### [Task details]
Every entry should come back exactly as written, minus the pictures.
[Start of Attachment]
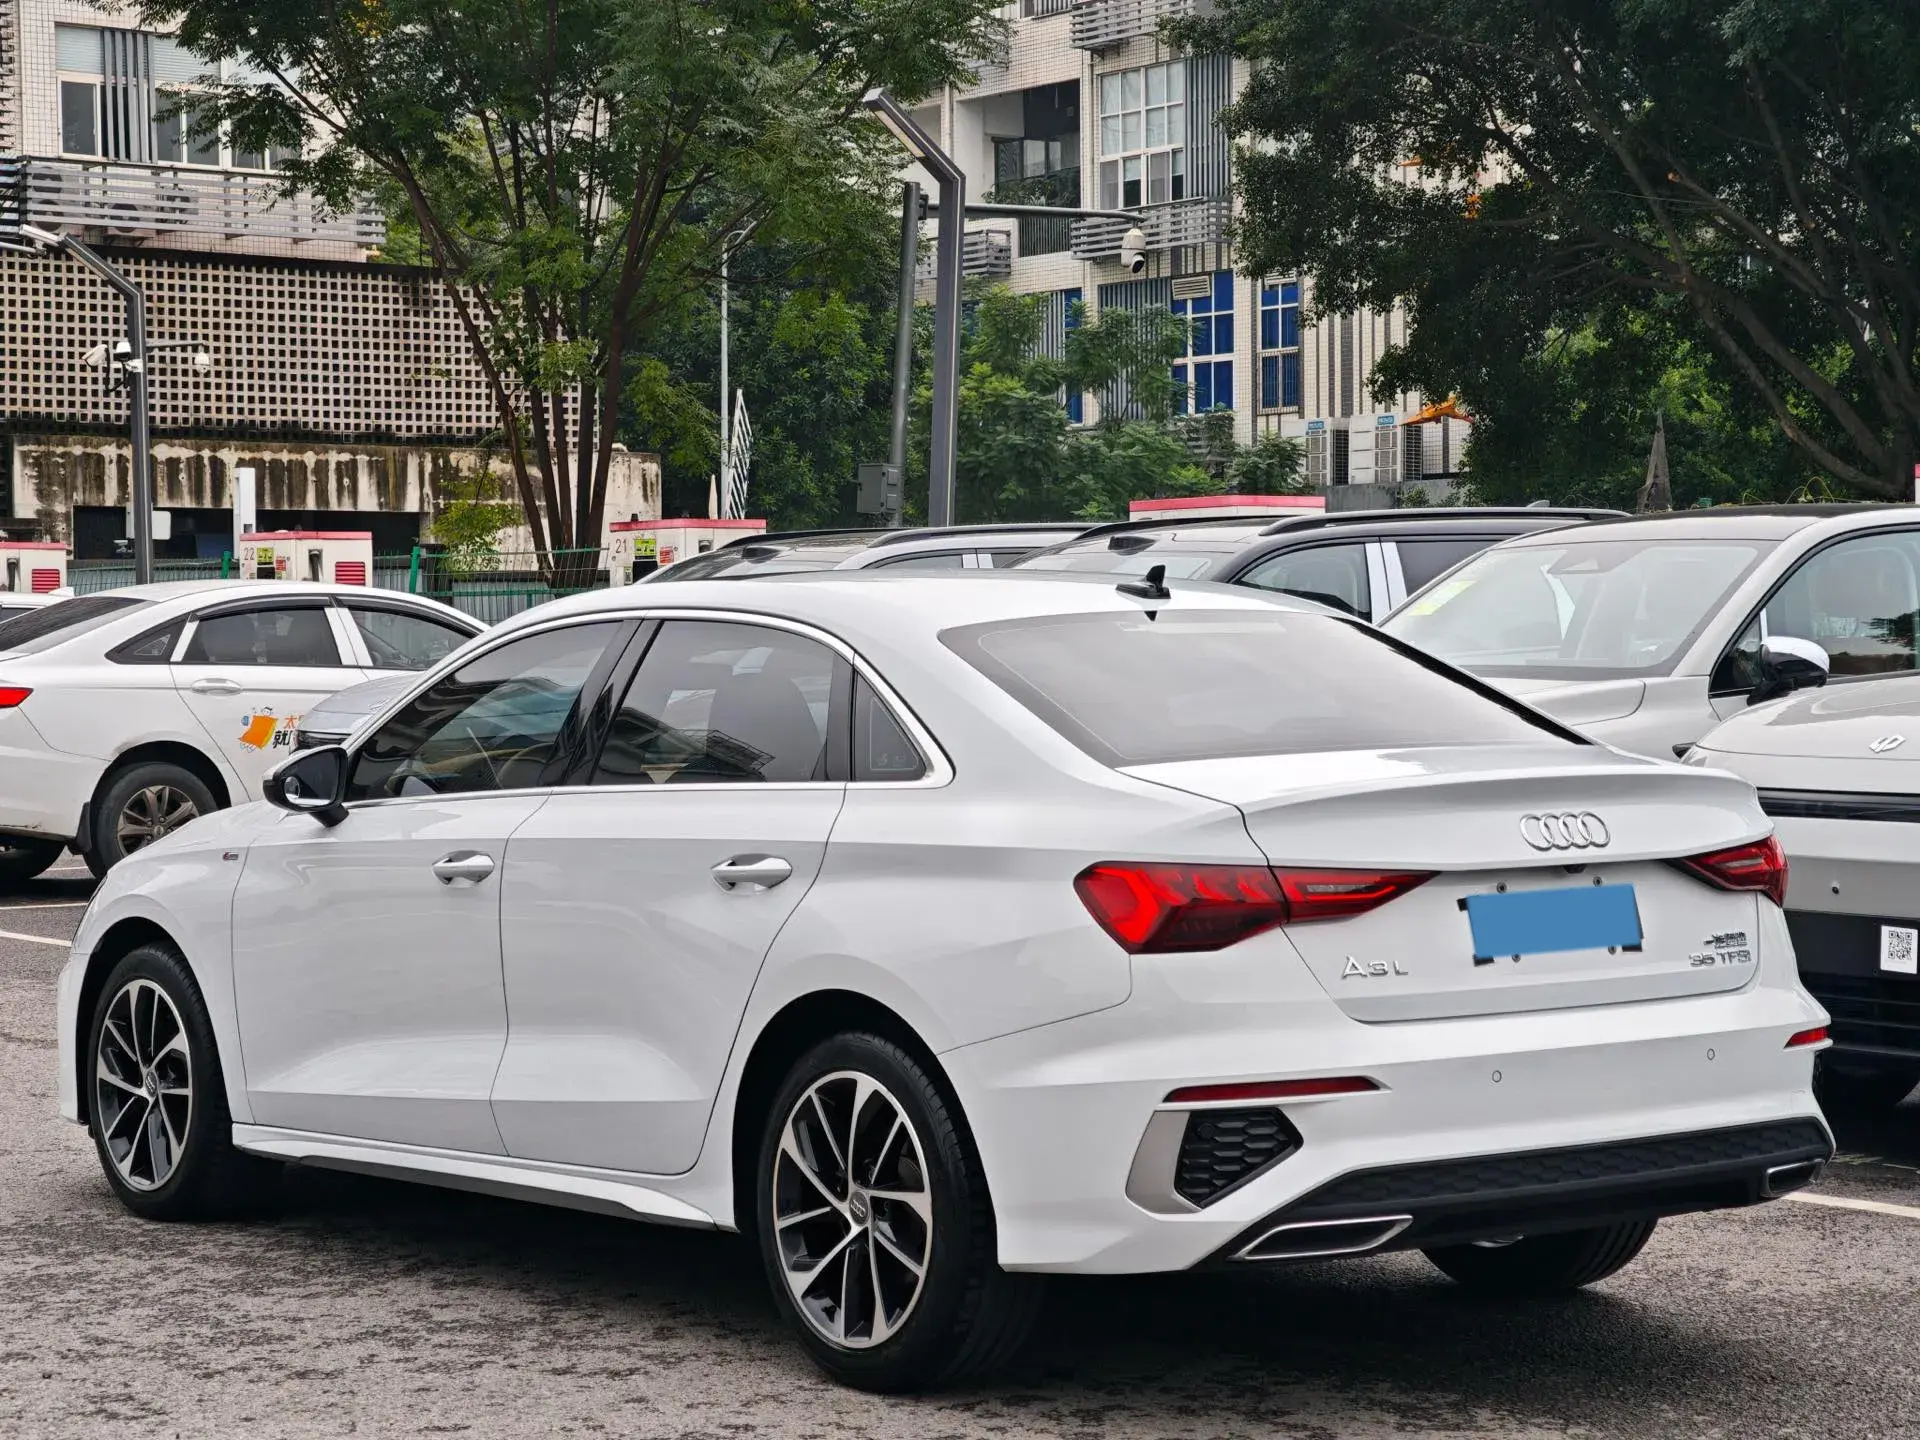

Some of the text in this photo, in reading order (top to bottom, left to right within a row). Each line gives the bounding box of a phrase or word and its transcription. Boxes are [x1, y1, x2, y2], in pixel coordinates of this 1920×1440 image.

[244, 546, 255, 561] 22
[615, 538, 627, 554] 21
[272, 729, 293, 749] 就
[1688, 949, 1752, 967] 35 TFSI
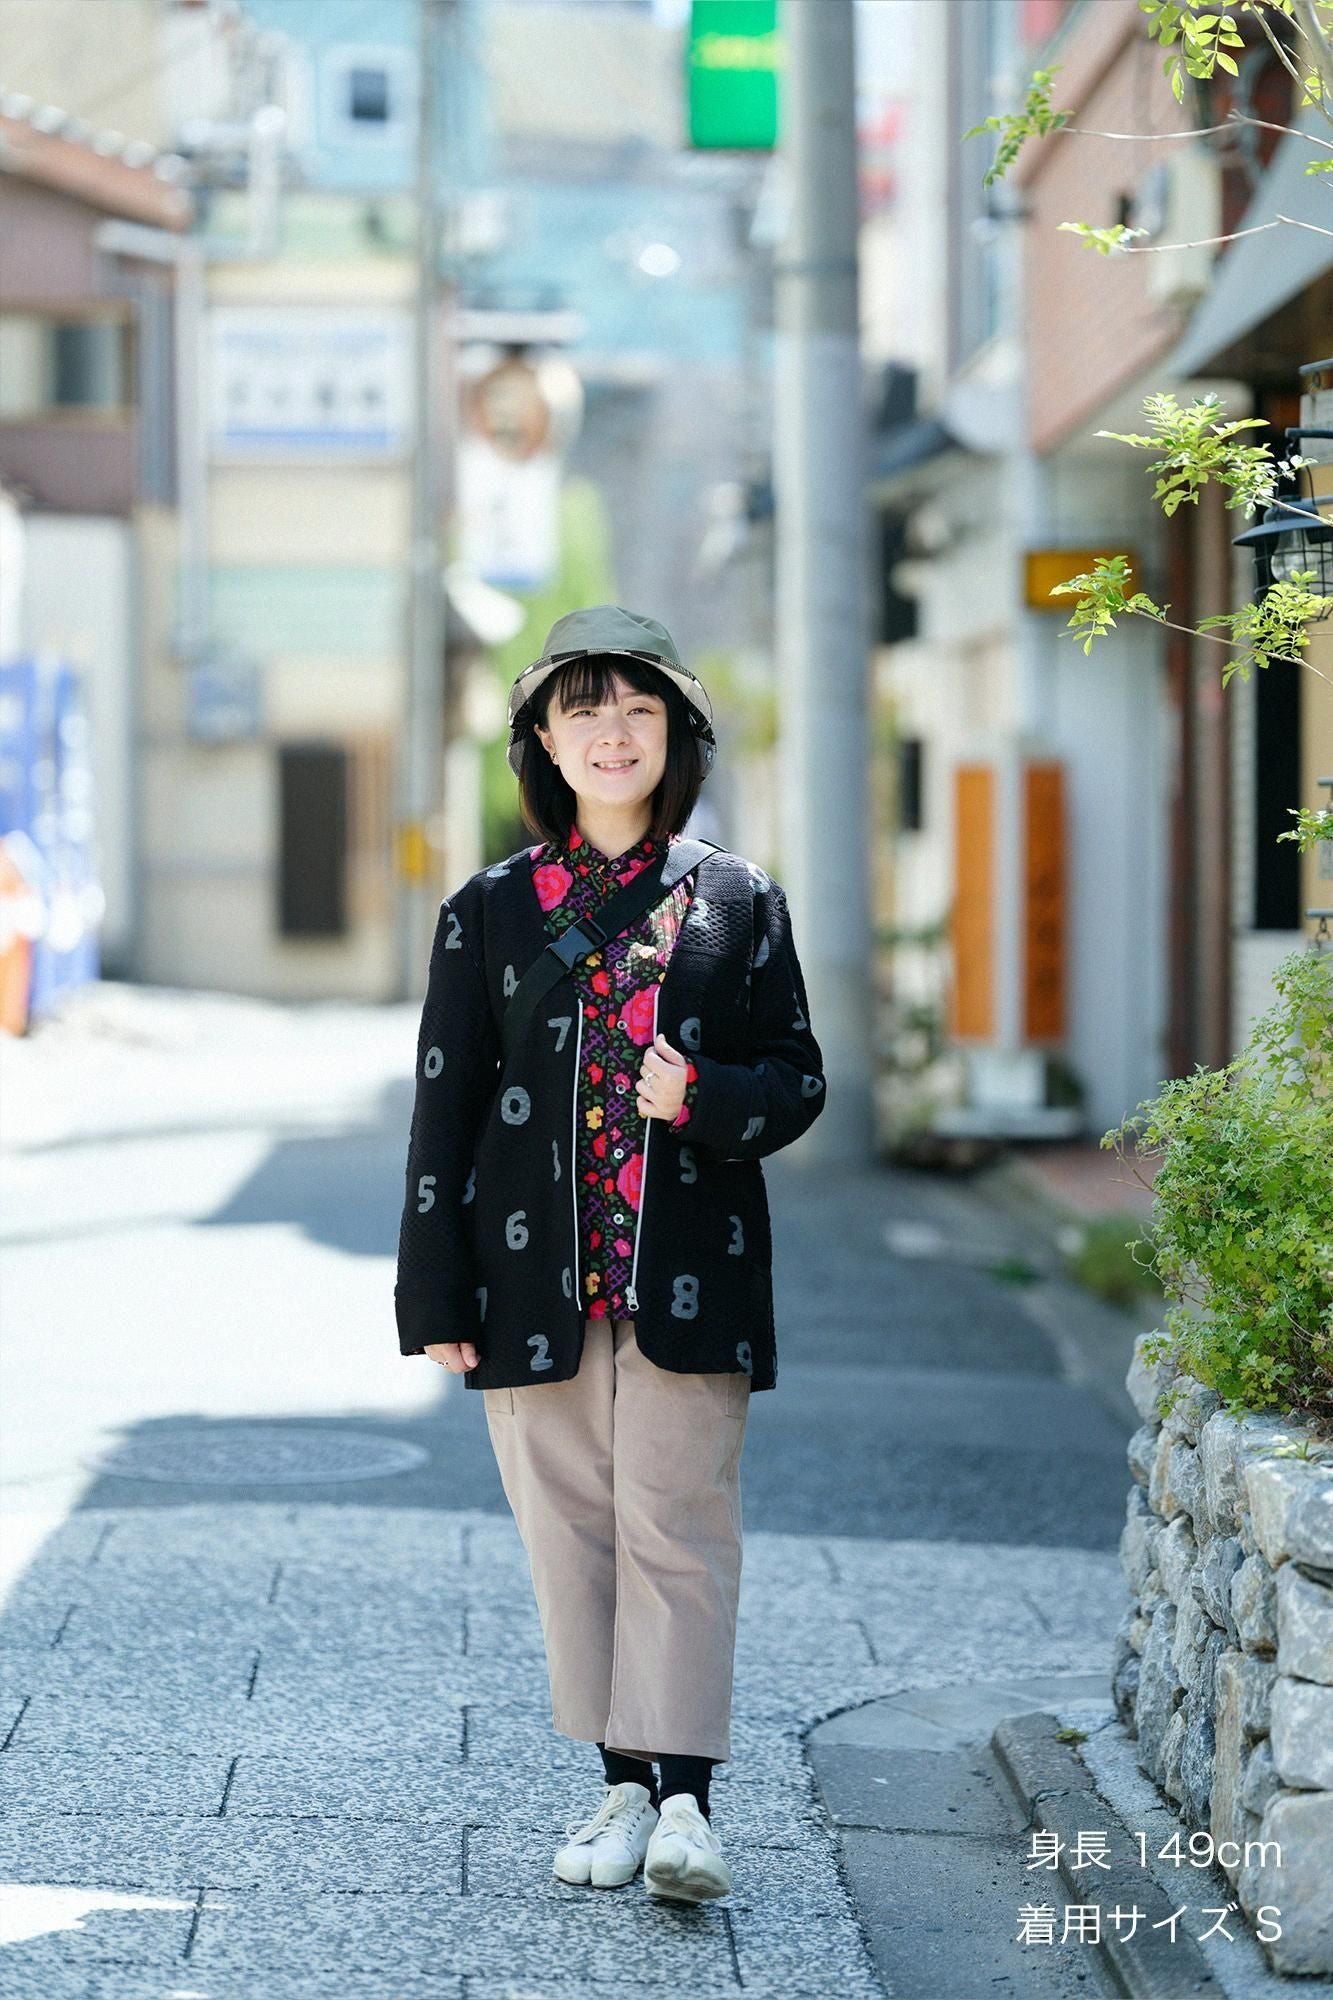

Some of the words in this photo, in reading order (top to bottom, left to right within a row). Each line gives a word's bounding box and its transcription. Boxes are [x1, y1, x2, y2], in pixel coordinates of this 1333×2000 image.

[445, 913, 463, 949] 2
[547, 1016, 572, 1052] 7
[500, 1086, 531, 1125] 0
[417, 1174, 437, 1213] 5
[505, 1210, 529, 1250] 6
[671, 1274, 700, 1320] 8
[526, 1333, 554, 1372] 2
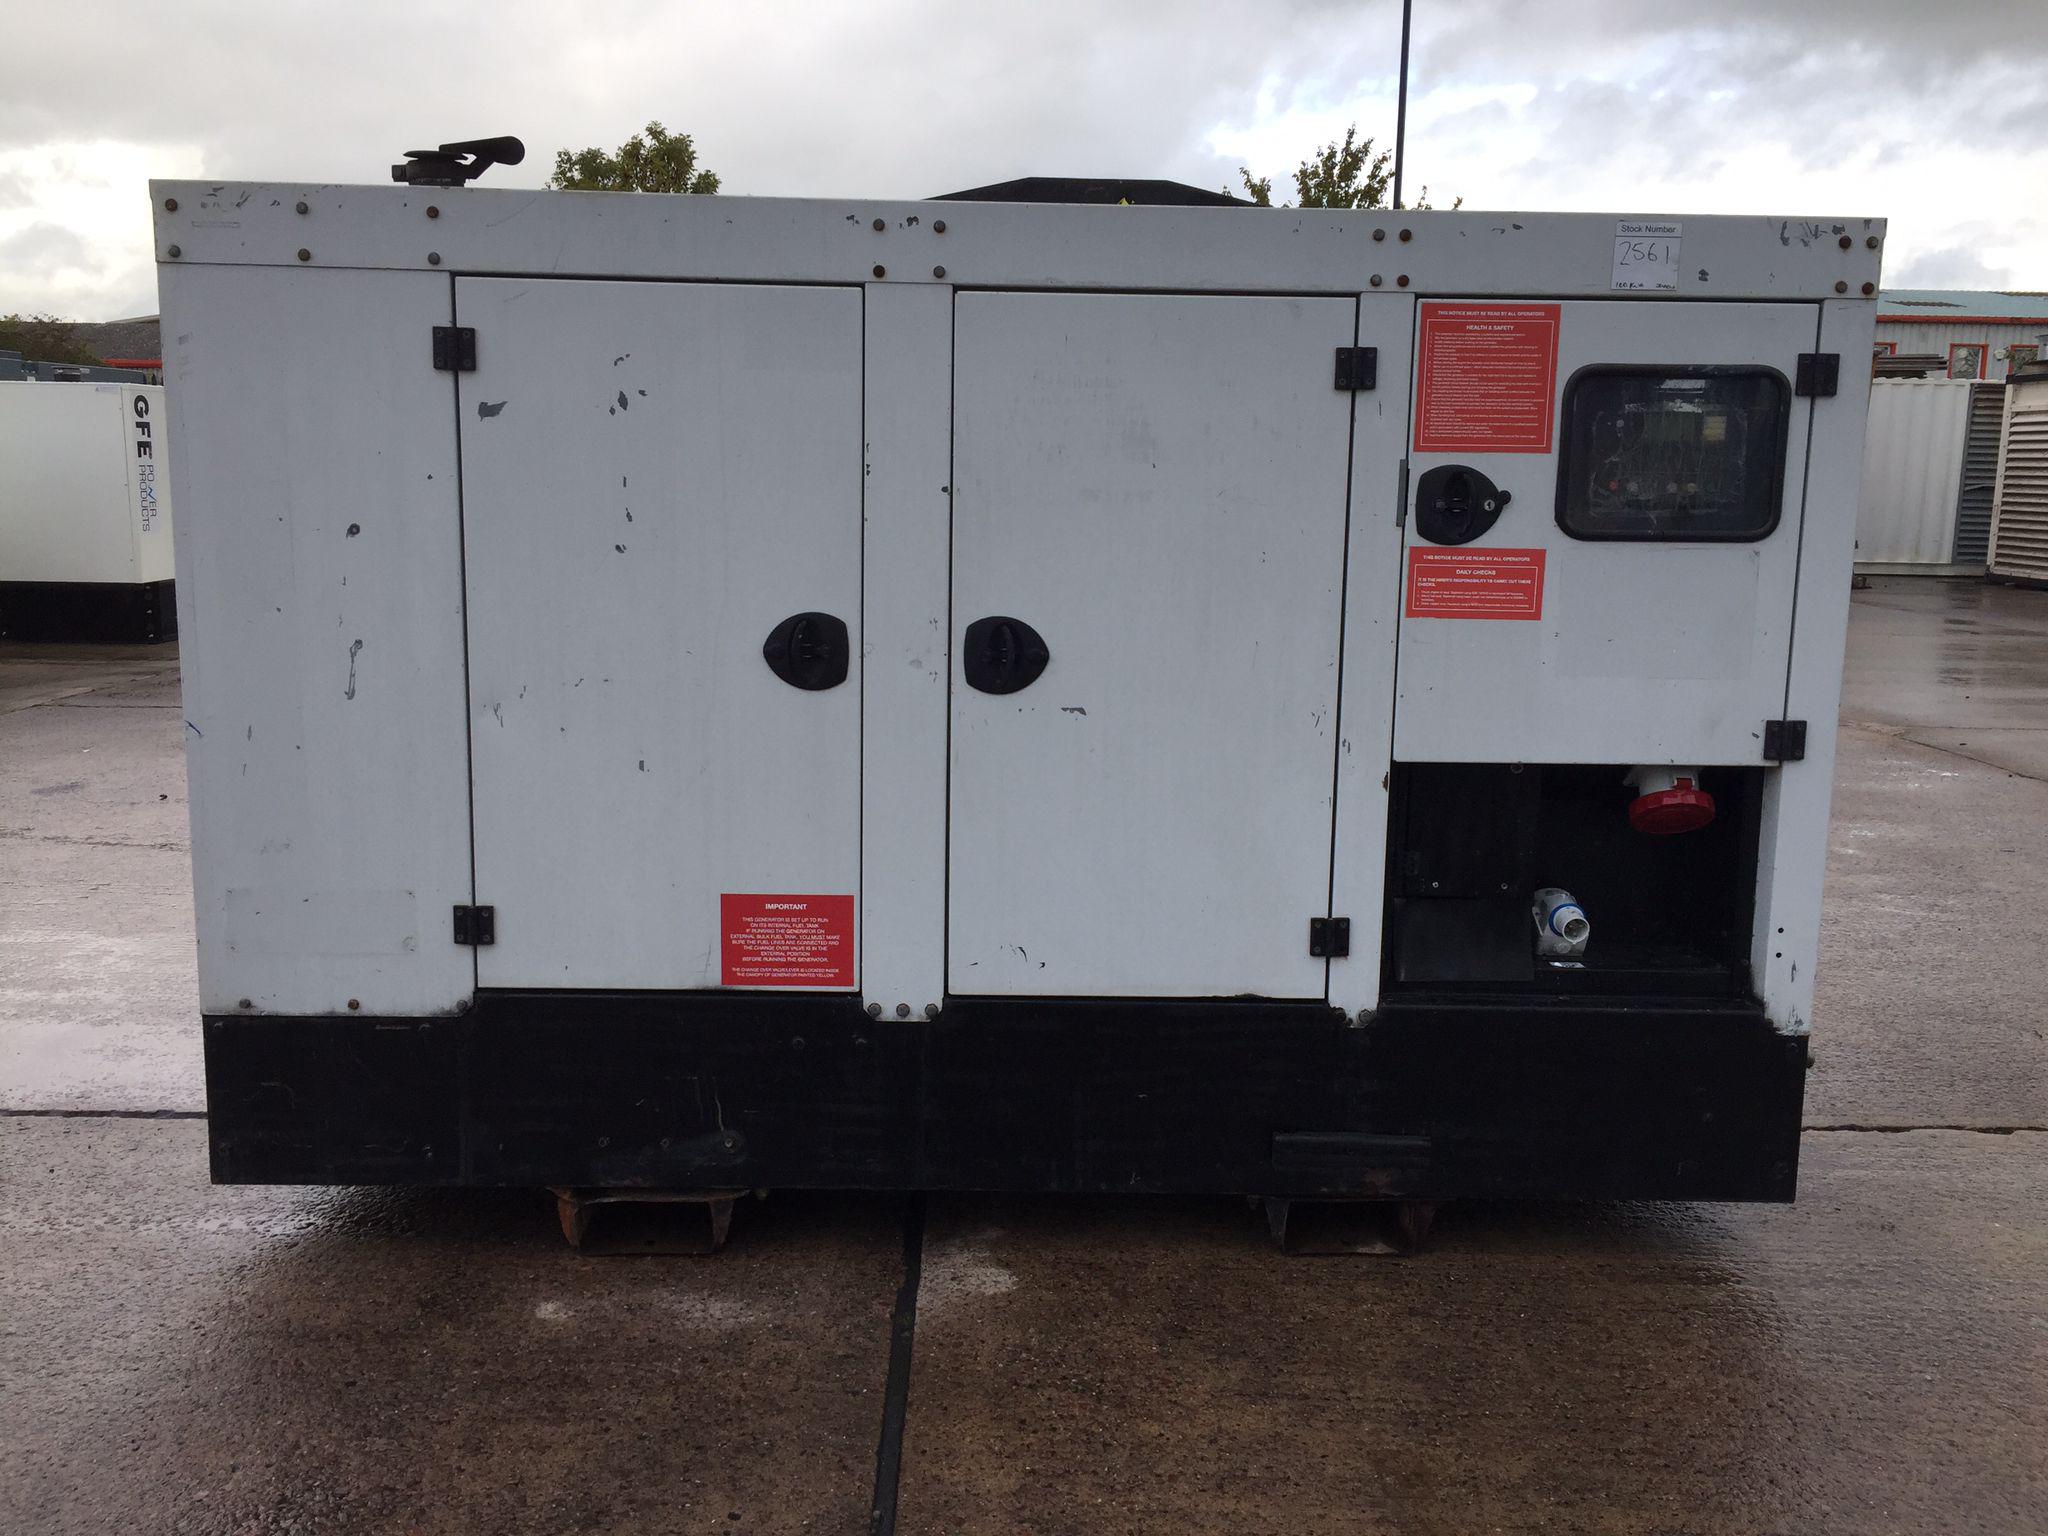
[End of Attachment]
### [Reply]
Some of the text in this photo, in reading order (top to bottom, left to right within a row). Each line gives the bounding box of a phrase or word and its transcription. Boxes are [x1, y1, x2, y2], in pixel coordinates of this 1920×1440 image.

[244, 546, 255, 561] 22
[615, 538, 627, 554] 21
[272, 729, 293, 749] 就
[1688, 949, 1752, 967] 35 TFSI

Some of the words in this photo, in reading order (top to bottom, left to right within a row). Each line gives a word's bounding box and its transcription. Boxes are [x1, y1, x2, y2], in pixel coordinates of this 1333×2000 image.

[445, 913, 463, 949] 2
[547, 1016, 572, 1052] 7
[500, 1086, 531, 1125] 0
[417, 1174, 437, 1213] 5
[505, 1210, 529, 1250] 6
[671, 1274, 700, 1320] 8
[526, 1333, 554, 1372] 2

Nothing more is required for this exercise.